Teresa Alison Sidney was the sum of all my nightmares from high school. I knew instinctively that she was one of the Popular Snobs; she’d
created
the cliques that the rest of us could only dream of joining.

She was tall, probably close to six feet, and slender, and she carried herself in a way that advertised the hours she spent at the gym. Her midnight hair fell straight around her face; its black depths gleamed blue in the dim light. It curled in a soft natural flip just above her shoulders, as if it had never heard of a breeze, or humidity, or any other summer challenge. I couldn’t read the color of her eyes in the darkened room, but I would have given my eyeteeth if they weren’t slate-gray.

She wore a perfectly tailored cashmere sweater—short sleeves in acknowledgment of the heat outside, but bloodred, as if we’d already moved the calendar forward to the heart of autumn. Her charcoal trousers must have had an invisible zipper on the side. They were impossibly slim and cut to exaggerate the length of her legs. She wore a single strand of pearls around her neck, and each earlobe was kissed by an unadorned milky sphere.

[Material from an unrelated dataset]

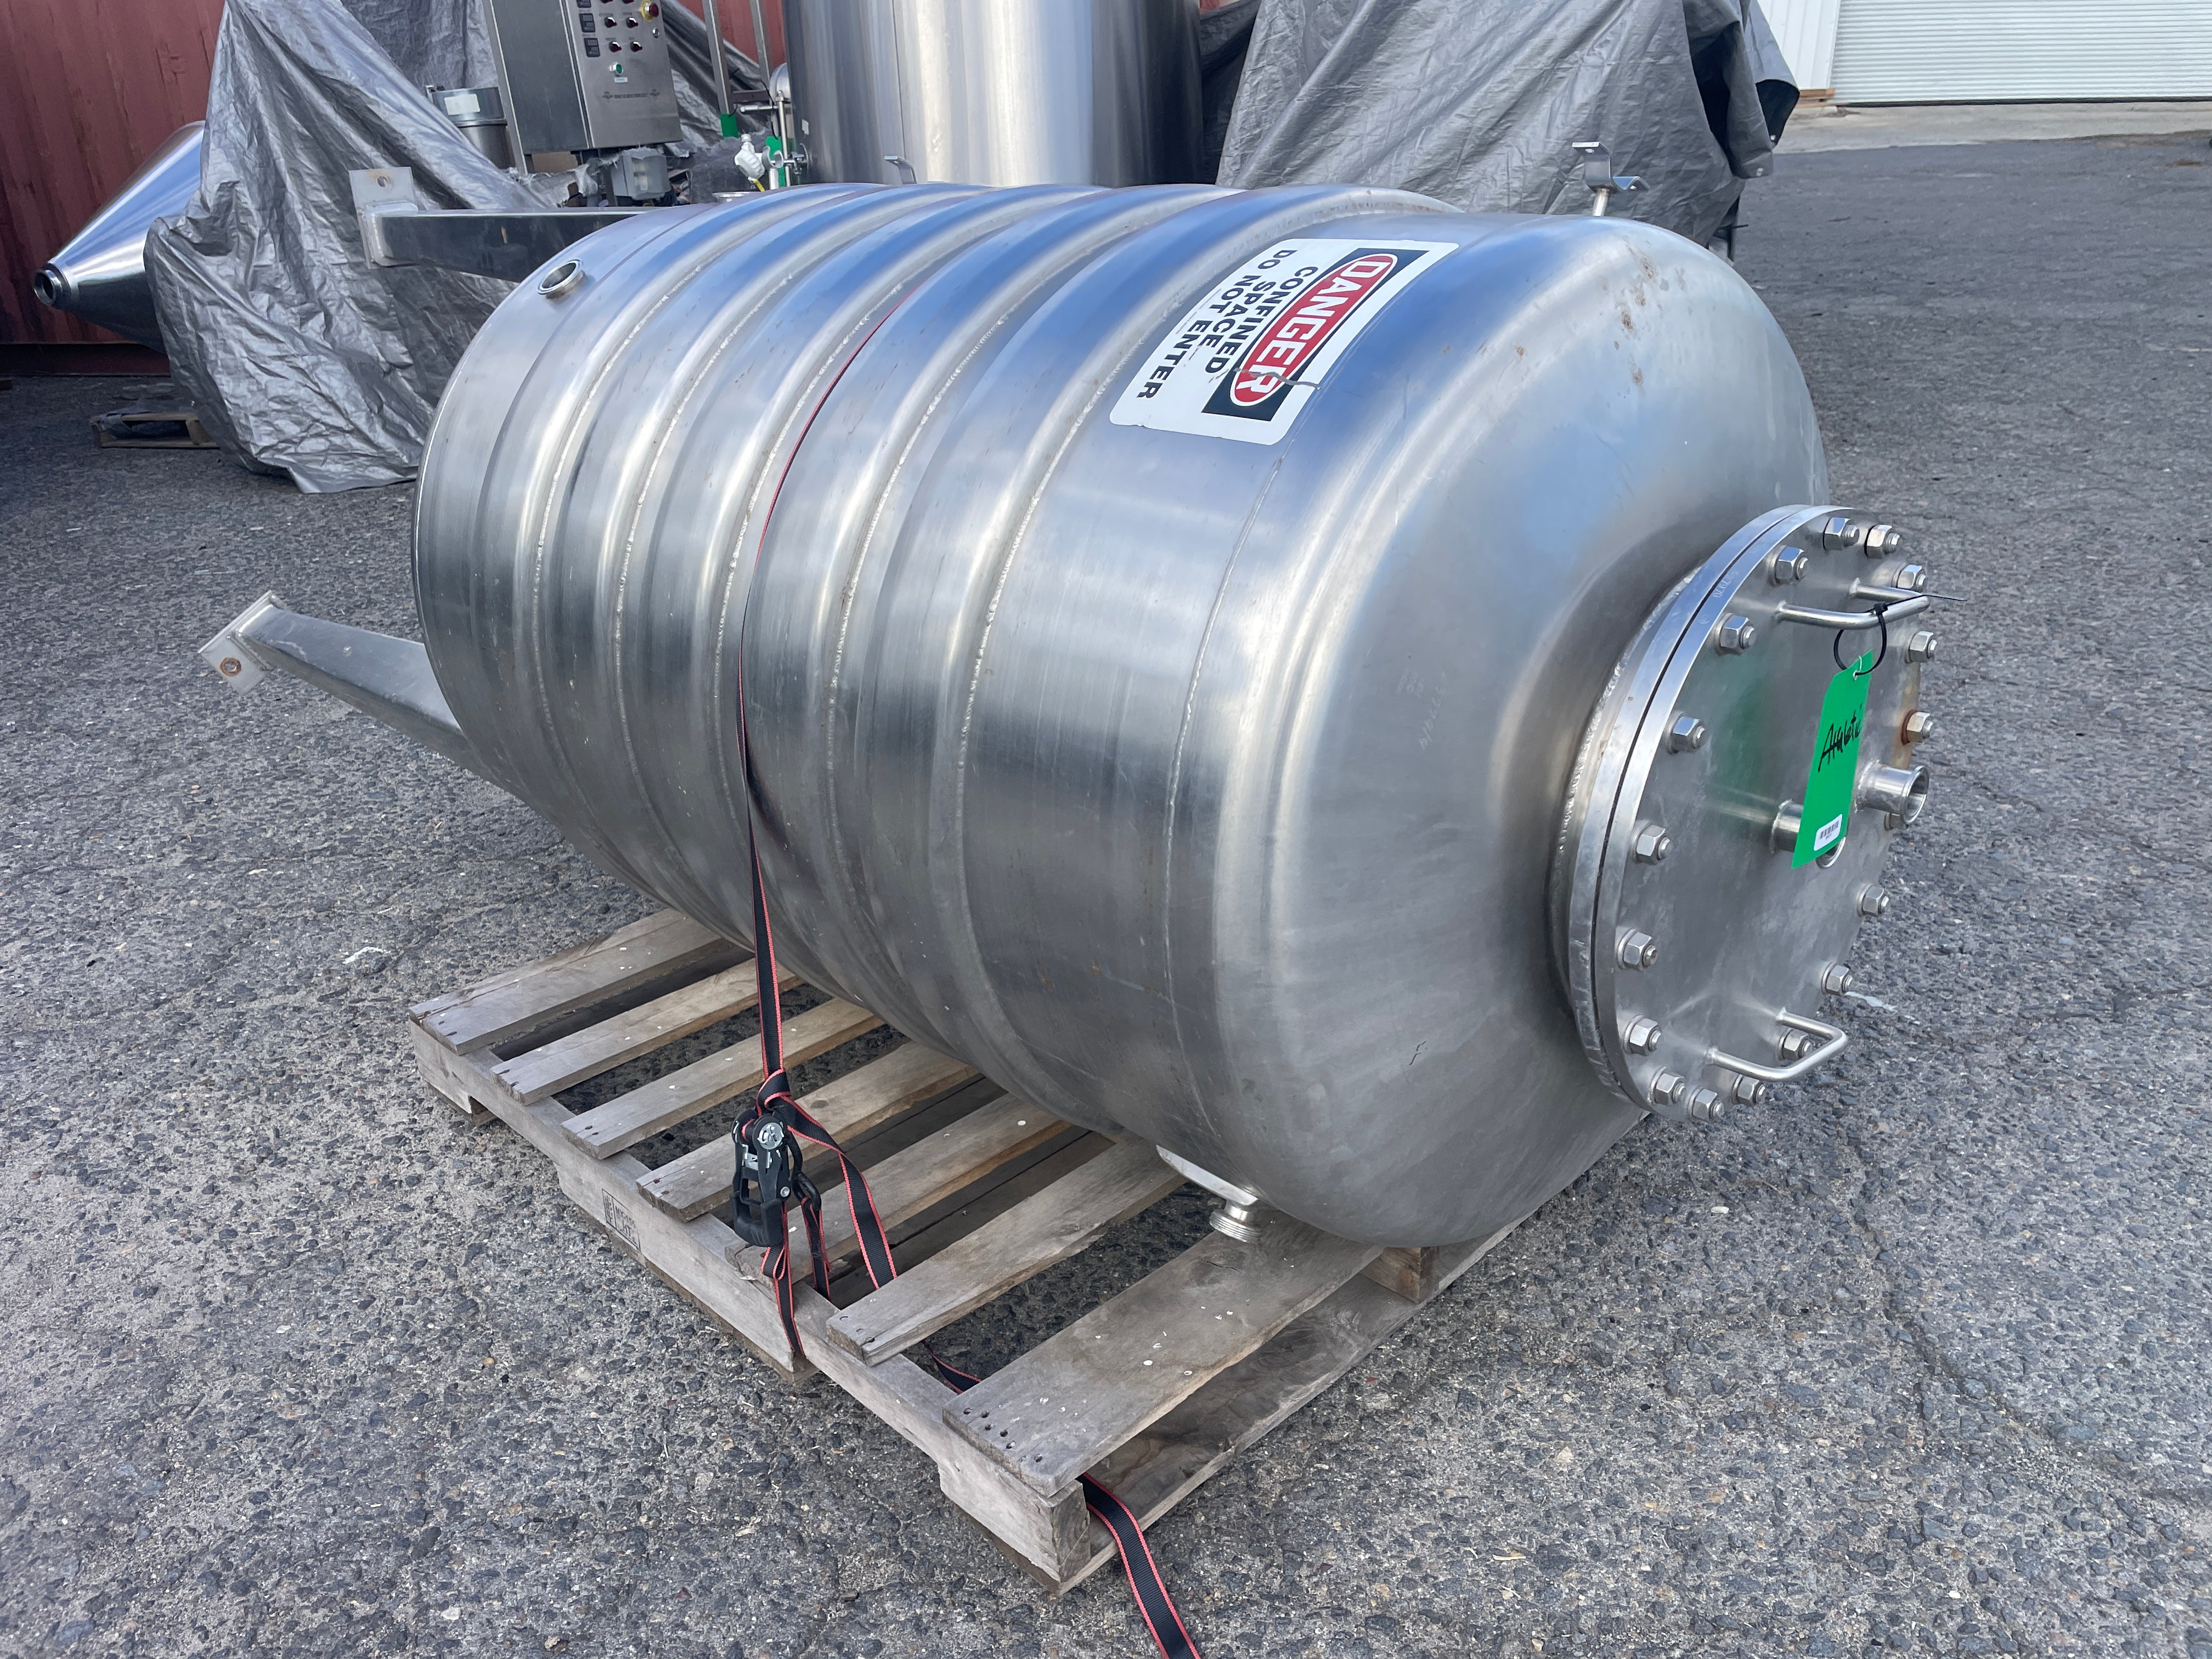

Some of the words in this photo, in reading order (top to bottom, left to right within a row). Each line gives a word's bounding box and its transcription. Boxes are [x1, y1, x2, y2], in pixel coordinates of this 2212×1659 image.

“Warder,” the Coven Mother said, and the title made David stand a little straighter. “You may join the other men in the front room.”

There was no question in her voice, no uncertainty. She was not asking David his preference or giving him any option. He was being ordered from my side, as certainly as if the Red Queen had shouted “Off with his head!”

Unable to stop myself, I reached toward him, brushing my fingers against his sleeve. He shook his head, once. “By your leave, Coven Mother,” he said, nodding deeply before stalking away from Teresa Alison Sidney.

Away from me.

I watched him open the door to my right. There was a momentary pause in the male banter within, and then the noise swelled louder, all greetings and laughter and casual bonhomie. I swallowed hard and reminded myself that at least Neko had been permitted to stay with me.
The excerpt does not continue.